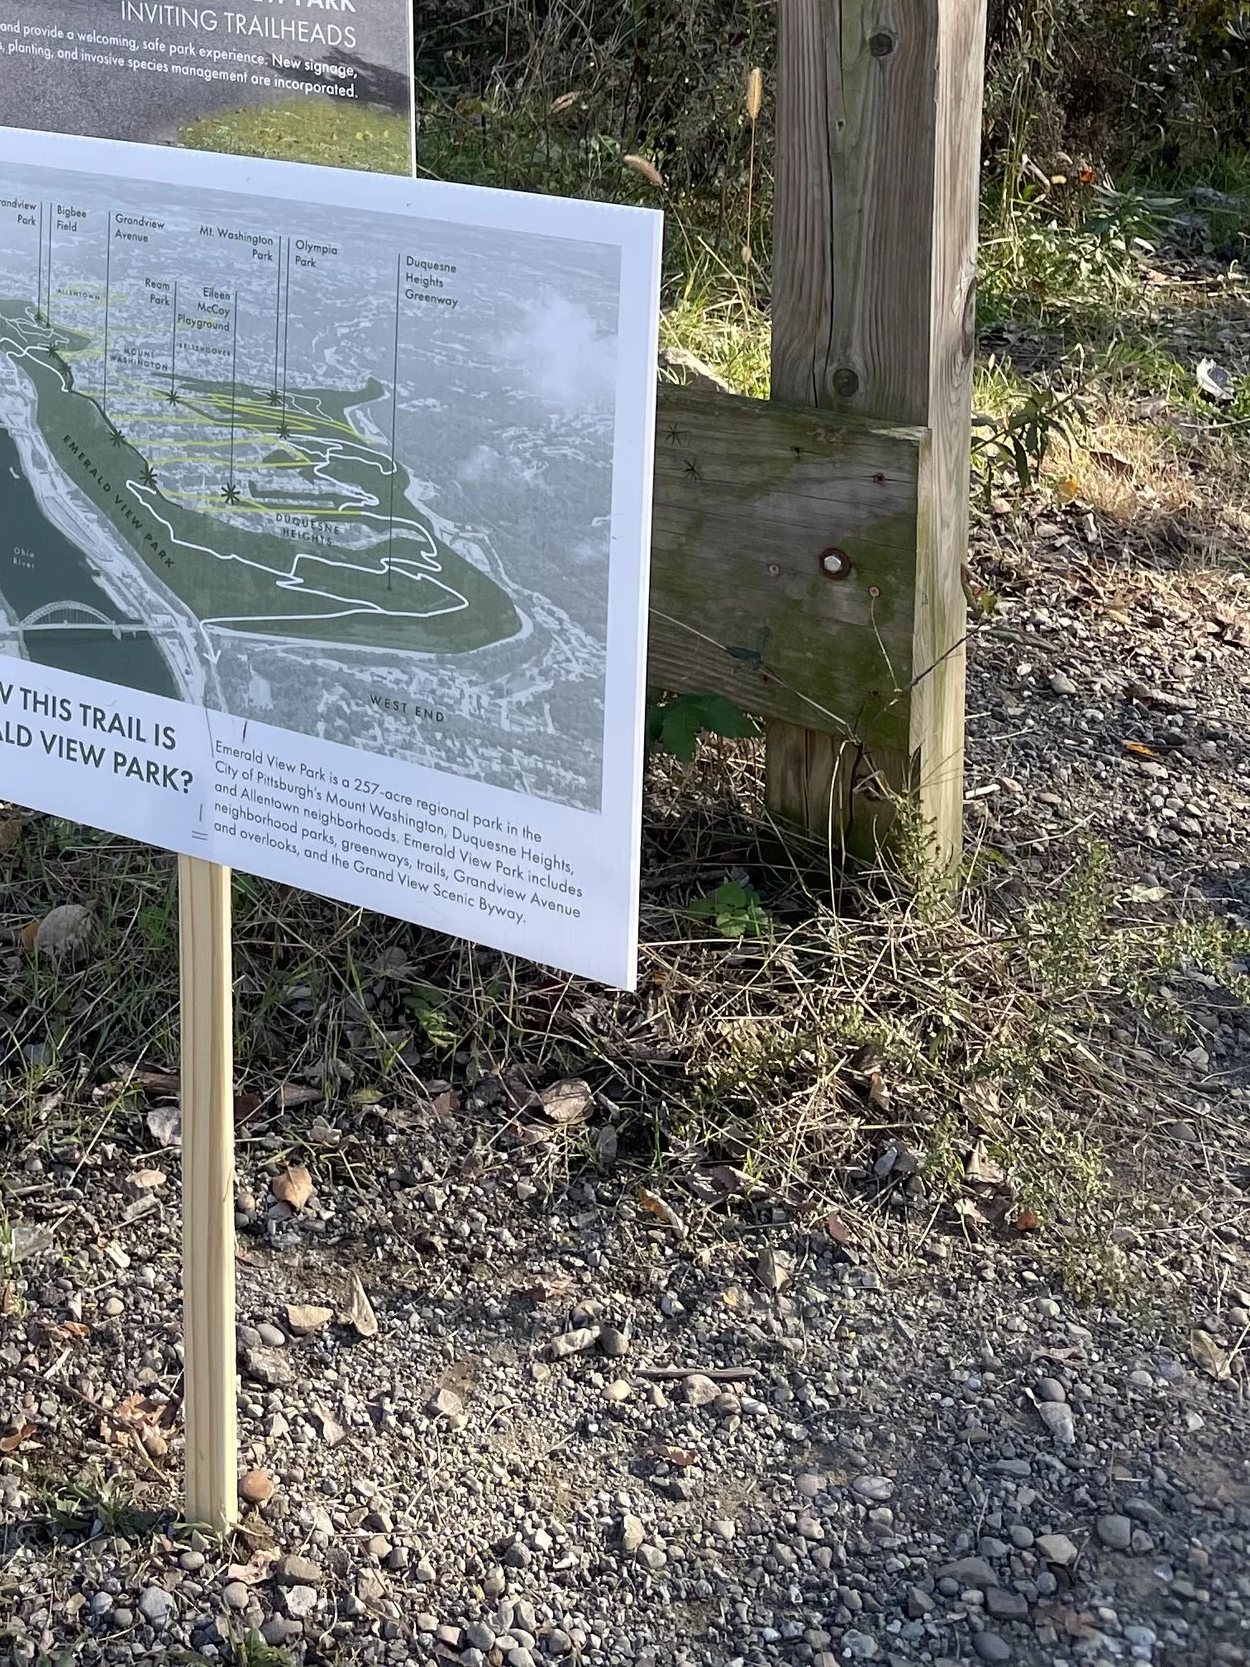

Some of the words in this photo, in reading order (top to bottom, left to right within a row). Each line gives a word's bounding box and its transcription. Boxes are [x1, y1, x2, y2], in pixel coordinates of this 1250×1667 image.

[121, 0, 218, 31] INVITING
[223, 11, 356, 48] TRAILHEADS
[0, 19, 20, 33] and
[22, 24, 64, 39] provide
[66, 31, 74, 40] a
[76, 29, 139, 52] welcoming,
[142, 37, 166, 52] safe
[168, 41, 196, 56] park
[198, 47, 268, 65] experience.
[271, 52, 301, 69] New
[304, 57, 357, 79] signage,
[7, 38, 54, 60] planting,
[56, 46, 78, 60] and
[80, 48, 125, 67] invasive
[127, 58, 168, 72] species
[171, 64, 248, 83] management
[250, 74, 271, 86] are
[273, 73, 358, 98] incorporated.
[17, 214, 36, 226] Park
[56, 205, 87, 219] Bigbee
[56, 221, 77, 232] Field
[115, 214, 165, 230] Grandview
[114, 229, 149, 243] Avenue
[200, 226, 214, 237] Mt.
[217, 228, 274, 246] Washington
[252, 249, 273, 262] Park
[295, 239, 338, 256] Olympia
[295, 256, 316, 268] Park
[406, 255, 457, 274] Duquesne
[145, 278, 170, 291] Ream
[405, 273, 444, 289] Heights
[150, 294, 170, 307] Park
[203, 287, 231, 301] Eileen
[405, 289, 458, 309] Greenway
[197, 302, 231, 318] McCoy
[177, 314, 230, 332] Playground
[62, 434, 111, 493] EMERALD
[114, 494, 143, 531] VIEW
[144, 533, 175, 569] PARK
[276, 513, 340, 535] DUQUESNE
[282, 528, 333, 547] HEIGHTS
[369, 694, 408, 713] WEST
[415, 706, 445, 722] END
[19, 686, 72, 722] THIS
[78, 702, 146, 743] TRAIL
[154, 722, 176, 750] IS
[39, 729, 106, 768] VIEW
[113, 750, 193, 794] PARK?
[215, 739, 263, 764] Emerald
[266, 753, 296, 773] View
[299, 762, 325, 782] Park
[329, 775, 338, 785] is
[341, 778, 350, 788] a
[354, 777, 412, 806] 257-acre
[416, 799, 469, 822] regional
[472, 815, 502, 832] park
[506, 822, 518, 835] in
[522, 825, 541, 843] the
[214, 760, 238, 780] City
[241, 768, 253, 781] of
[325, 790, 366, 813] Mount
[368, 801, 447, 837] Washington,
[452, 825, 516, 856] Duquesne
[521, 846, 574, 875] Heights,
[214, 783, 237, 797] and
[239, 787, 299, 814] Allentown
[303, 808, 396, 842] neighborhoods.
[403, 832, 455, 859] Emerald
[459, 848, 492, 870] View
[495, 859, 524, 880] Park
[527, 869, 582, 897] includes
[214, 802, 297, 834] neighborhood
[301, 827, 337, 847] parks,
[341, 839, 412, 869] greenways,
[416, 858, 448, 880] trails,
[453, 868, 526, 901] Grandview
[529, 891, 580, 918] Avenue
[213, 822, 236, 836] and
[239, 829, 300, 856] overlooks,
[303, 848, 328, 863] and
[331, 852, 349, 869] the
[352, 859, 394, 882] Grand
[397, 871, 429, 892] View
[432, 882, 474, 907] Scenic
[479, 896, 526, 925] Byway.

TASK ITEM =
All records above must be copied exactly, though the pictures they hold are to be left out.

SOLUTION FOR THIS TASK =
Some of the words in this photo, in reading order (top to bottom, left to right within a row). Each line gives a word's bounding box and its transcription. Boxes are [x1, y1, x2, y2], in pixel coordinates of this 1250×1667 image.

[121, 0, 218, 31] INVITING
[223, 11, 356, 48] TRAILHEADS
[0, 19, 20, 33] and
[22, 24, 64, 39] provide
[66, 31, 74, 40] a
[76, 29, 139, 52] welcoming,
[142, 37, 166, 52] safe
[168, 41, 196, 56] park
[198, 47, 268, 65] experience.
[271, 52, 301, 69] New
[304, 57, 357, 79] signage,
[7, 38, 54, 60] planting,
[56, 46, 78, 60] and
[80, 48, 125, 67] invasive
[127, 58, 168, 72] species
[171, 64, 248, 83] management
[250, 74, 271, 86] are
[273, 73, 358, 98] incorporated.
[17, 214, 36, 226] Park
[56, 205, 87, 219] Bigbee
[56, 221, 77, 232] Field
[115, 214, 165, 230] Grandview
[114, 229, 149, 243] Avenue
[200, 226, 214, 237] Mt.
[217, 228, 274, 246] Washington
[252, 249, 273, 262] Park
[295, 239, 338, 256] Olympia
[295, 256, 316, 268] Park
[406, 255, 457, 274] Duquesne
[145, 278, 170, 291] Ream
[405, 273, 444, 289] Heights
[150, 294, 170, 307] Park
[203, 287, 231, 301] Eileen
[405, 289, 458, 309] Greenway
[197, 302, 231, 318] McCoy
[177, 314, 230, 332] Playground
[62, 434, 111, 493] EMERALD
[114, 494, 143, 531] VIEW
[144, 533, 175, 569] PARK
[276, 513, 340, 535] DUQUESNE
[282, 528, 333, 547] HEIGHTS
[369, 694, 408, 713] WEST
[415, 706, 445, 722] END
[19, 686, 72, 722] THIS
[78, 702, 146, 743] TRAIL
[154, 722, 176, 750] IS
[39, 729, 106, 768] VIEW
[113, 750, 193, 794] PARK?
[215, 739, 263, 764] Emerald
[266, 753, 296, 773] View
[299, 762, 325, 782] Park
[329, 775, 338, 785] is
[341, 778, 350, 788] a
[354, 777, 412, 806] 257-acre
[416, 799, 469, 822] regional
[472, 815, 502, 832] park
[506, 822, 518, 835] in
[522, 825, 541, 843] the
[214, 760, 238, 780] City
[241, 768, 253, 781] of
[325, 790, 366, 813] Mount
[368, 801, 447, 837] Washington,
[452, 825, 516, 856] Duquesne
[521, 846, 574, 875] Heights,
[214, 783, 237, 797] and
[239, 787, 299, 814] Allentown
[303, 808, 396, 842] neighborhoods.
[403, 832, 455, 859] Emerald
[459, 848, 492, 870] View
[495, 859, 524, 880] Park
[527, 869, 582, 897] includes
[214, 802, 297, 834] neighborhood
[301, 827, 337, 847] parks,
[341, 839, 412, 869] greenways,
[416, 858, 448, 880] trails,
[453, 868, 526, 901] Grandview
[529, 891, 580, 918] Avenue
[213, 822, 236, 836] and
[239, 829, 300, 856] overlooks,
[303, 848, 328, 863] and
[331, 852, 349, 869] the
[352, 859, 394, 882] Grand
[397, 871, 429, 892] View
[432, 882, 474, 907] Scenic
[479, 896, 526, 925] Byway.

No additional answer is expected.